Uma aluna fica quase um mês sem vir à aula, quando volta a frequentar a escola a professora, ao vê-la no portão, interpela: - O que aconteceu? Você sumiu da escola!
A aluna, que deve ter uns dez anos, devolve a pergunta: - Eu sumi ou foi a escola que sumiu?

Durante duas semanas as aulas foram suspensas com alguma frequência. Foi nesse momento que a menina ?sumiu? da escola, deixando de vir às aulas mesmo quando elas foram regularizadas.
Parece-me muito interessante a resposta/pergunta da aluna. O que ela está dizendo ao indagar, diante do imponente prédio de três andares, quadra coberta, pátio e biblioteca, se a escola sumiu? A escola estava no lugar de sempre, era a aluna que havia deixado de vir à aula. Sua pergunta nos leva a refletir sobre o que é a escola. Sem dúvida para ela a escola não é apenas um prédio recheado de objetos que denominamos recursos materiais. Podemos inferir que o seu questionamento coloca em discussão os processos que cotidianamente se realizam no interior daquele prédio. Escola, para aquela menina, pode ser tempo/espaço vivido, compartilhado, tecido pelas múltiplas interações humanas que o prédio pode (ou não) propiciar.
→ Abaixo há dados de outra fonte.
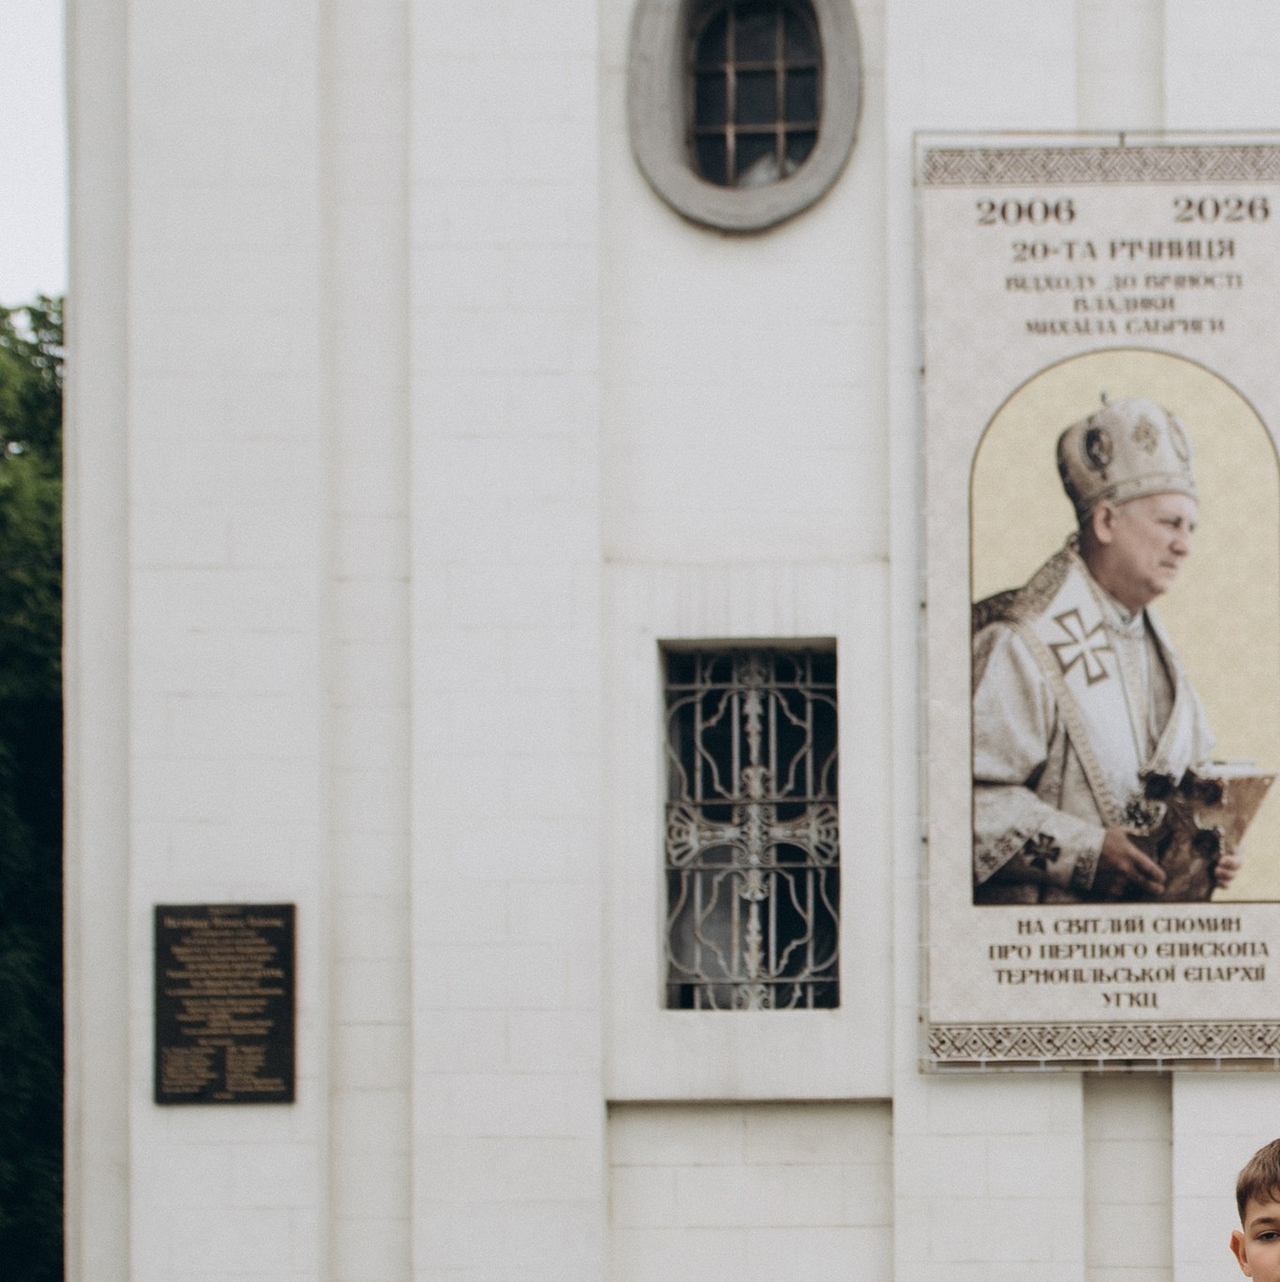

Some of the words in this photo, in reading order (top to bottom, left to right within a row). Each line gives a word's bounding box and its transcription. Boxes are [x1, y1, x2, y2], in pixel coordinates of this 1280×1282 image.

Na situação por ela vivida, a escola vai deixando de ser tempo/espaço de convivência, de interação, pois a frequente suspensão das aulas impede o estabelecimento de relações cotidianas, indispensáveis para a produção de relações compartilhadas. A suspensão das aulas estilhaça as relações que vão sendo tecidas nos encontros diários, nas ações realizadas a cada dia, nos atos pequenos que vão ganhando significado pela presença do outro que vai se tornando familiar e, portanto, parte do processo que pouco a pouco ganha forma e conteúdo, nos fragmentos que se articulam e criam configurações novas. Processos ténues, às vezes levemente esboçados, que criam a possibilidade de produção cotidiana de tempos/espaços coletivos, indispensáveis para que o ensino/aprendizagem ? ato que só se realiza com a participação do(s) outro(s) - vá se realizando. 
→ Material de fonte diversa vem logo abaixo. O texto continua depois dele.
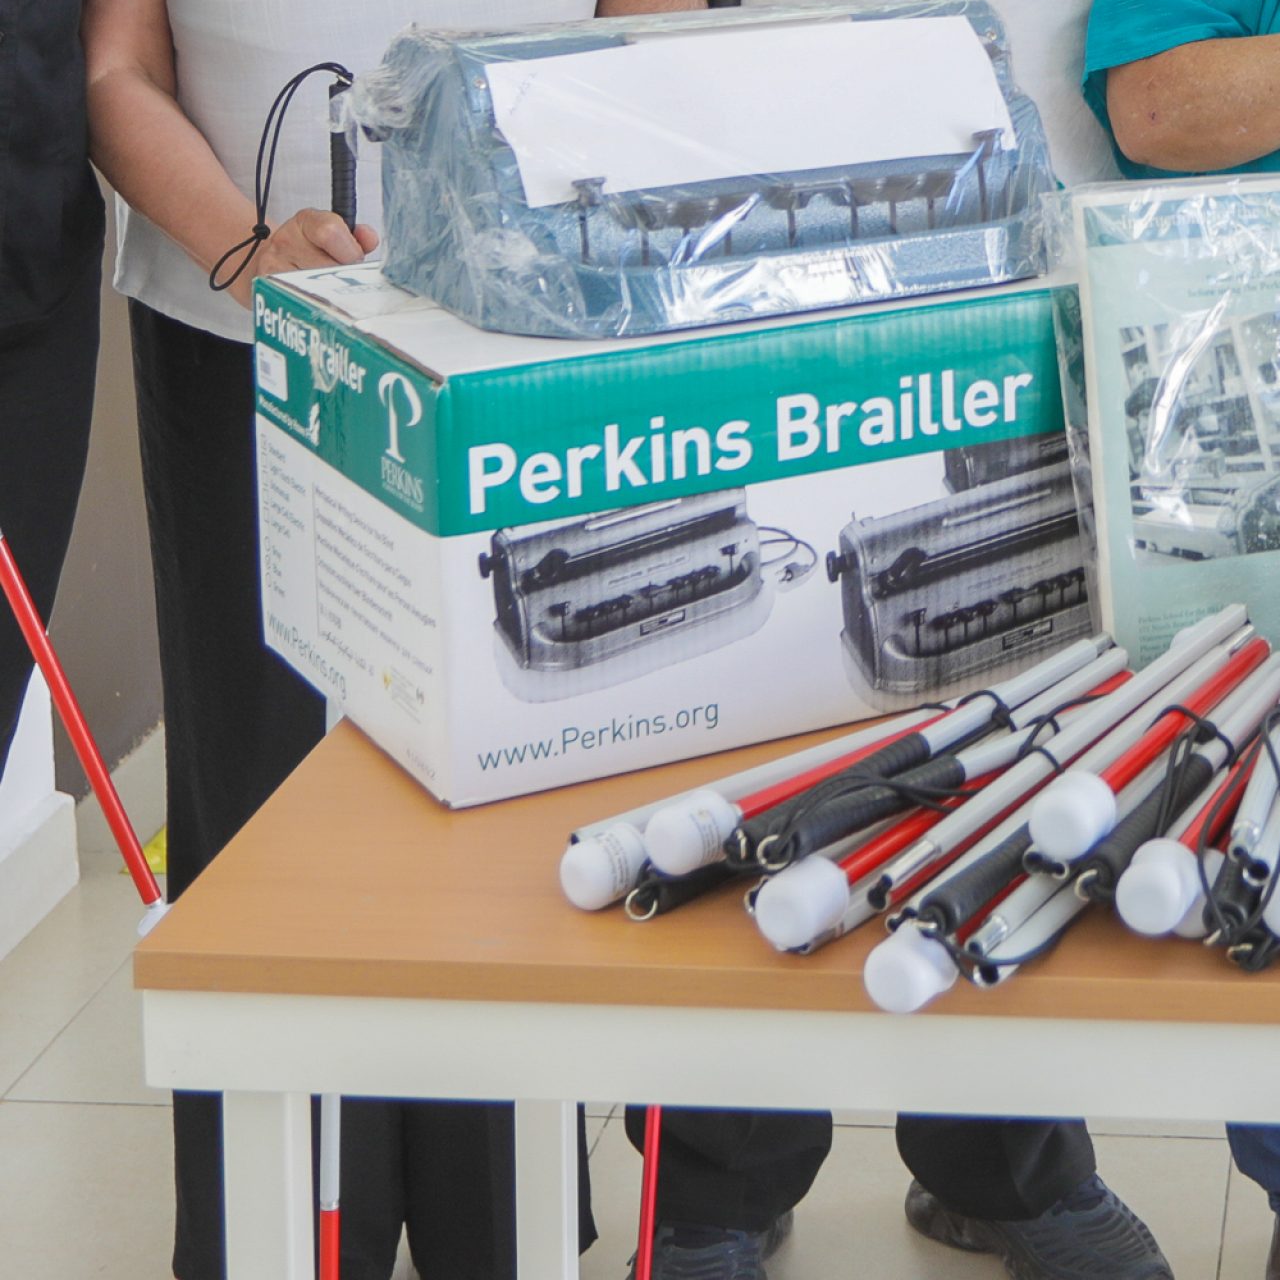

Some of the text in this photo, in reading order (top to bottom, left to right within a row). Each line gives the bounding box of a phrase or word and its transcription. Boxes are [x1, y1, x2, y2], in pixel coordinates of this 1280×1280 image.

[256, 293, 307, 356] Perkins
[468, 369, 1034, 515] Perkins Brailler
[381, 456, 424, 504] PERKINS
[478, 702, 719, 771] www.Perkins.org
A frequente interrupção das aulas vai desfazendo esses laços, de modo que a escola vai sumindo, o que só adquire visibilidade com a ausência da criança. Seu ?sumiço? cria condições para que o processo de desaparecimento da escola seja visível. Esse processo, no entanto, só se completa com o retorno da aluna à escola e com a enunciação de sua pergunta/denúncia. Nos atos cotidianos, invisibilidade e visibilidade não revelam situações excludentes, pelo contrário, indicam processos complementares em que ambas as situações são necessárias para a percepção da dinâmica estabelecida. Os atos cotidianos  frequentemente são atos ambivalentes, configurados nos espaços híbridos em que os opostos dialogam recriando seus sentidos originais.
Seu retorno e sua participação potente no diálogo podem revelar a manutenção de seus vínculos com o cotidiano escolar? Por que a menina insiste em buscar a escola que some? Como a professora vê a menina que sumiu e reaparece? A professora vê a escola sumindo?
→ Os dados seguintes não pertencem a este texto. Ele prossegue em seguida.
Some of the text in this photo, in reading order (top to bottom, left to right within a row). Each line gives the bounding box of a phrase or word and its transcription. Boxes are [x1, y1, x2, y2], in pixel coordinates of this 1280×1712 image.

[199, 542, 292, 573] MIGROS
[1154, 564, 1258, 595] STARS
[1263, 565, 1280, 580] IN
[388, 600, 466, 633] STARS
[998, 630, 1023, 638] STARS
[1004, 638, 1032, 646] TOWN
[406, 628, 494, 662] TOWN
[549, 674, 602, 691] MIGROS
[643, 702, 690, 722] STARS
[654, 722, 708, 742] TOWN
Sem pretender respostas a estas indagações, entendo ser importante refletir sobre os dois pontos de vistas postos em diálogo: o da professora e o da aluna. Eles são opostos, e dependendo do modo como sejam apreendidos no diálogo podem se tornar objeto de conflito; mas também são coincidentes. Ambos indicam o desaparecimento do outro e reclamam a ausência da relação pedagógica. Ambos expressam o contato com o outro como indispensável para a realização de seus desejos, intenções e compromissos.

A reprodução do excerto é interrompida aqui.